There are three main results in the paper:
- Sensitivity analysis of an enzyme constrained GECKO model
- Gradient descent on measurements to fit enzyme turnover numbers
- Sensitivity analysis on a model that incorporates full Michaelis-Menten kinetics
Note, the Julia environment used for the analyses can be recreated by activating
the Project.toml file, as described
here. The directory data
contains all the data (turnover numbers, Michaelis constants, experimental data,
etc.), as well as the scripts used to parse them into the format used in this
work. The directory model_construction contains scripts used to download the
metabolic models, as well as add stoichiometric data for enzyme subunits, enzyme
turnover numbers, and enzyme masses to these models (called fixed_models in the
context of this work).
If anything is unclear, please file an issue on this repo.
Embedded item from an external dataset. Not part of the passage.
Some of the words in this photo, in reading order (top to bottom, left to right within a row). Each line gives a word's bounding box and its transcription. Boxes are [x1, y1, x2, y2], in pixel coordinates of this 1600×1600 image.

The directory analyses/gecko contains all the scripts used to generate the
associated results. In particular, the script gecko_iml1515.jl
can be used to run the sensitivity analysis of the flux and concentration
predictions to enzyme turnover numbers. Note, it will attempt to save the images
created in the script to another folder not contained in this repo (the repo
used to write the paper), so comment those image file saving lines out.
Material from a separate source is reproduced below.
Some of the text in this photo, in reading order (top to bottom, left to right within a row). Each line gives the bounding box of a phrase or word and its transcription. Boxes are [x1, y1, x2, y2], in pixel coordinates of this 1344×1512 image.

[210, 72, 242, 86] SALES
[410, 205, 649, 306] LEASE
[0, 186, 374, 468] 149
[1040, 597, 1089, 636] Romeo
The directory analyses/gd_gecko contains all the scripts used to generate the
associated results. The script cluster.jl can be used to run the gradient
descent algorithm for a specific master_id, which is the ID of the respective
experimental data. Valid IDs are taken from the data source (see the paper), but
include WT1#B1, WT2#B2etc.
The directory analyses/crispr contains all the scripts used to generate the
associated results. In particular, the file michaelis_menten.jl can be used to
generate the results, and plot_mm_all.jl will plot all the sensitivities. In
contrast, plot_mm_few.jl can be used to plot a representative selection of the
results (which is easier to inspect).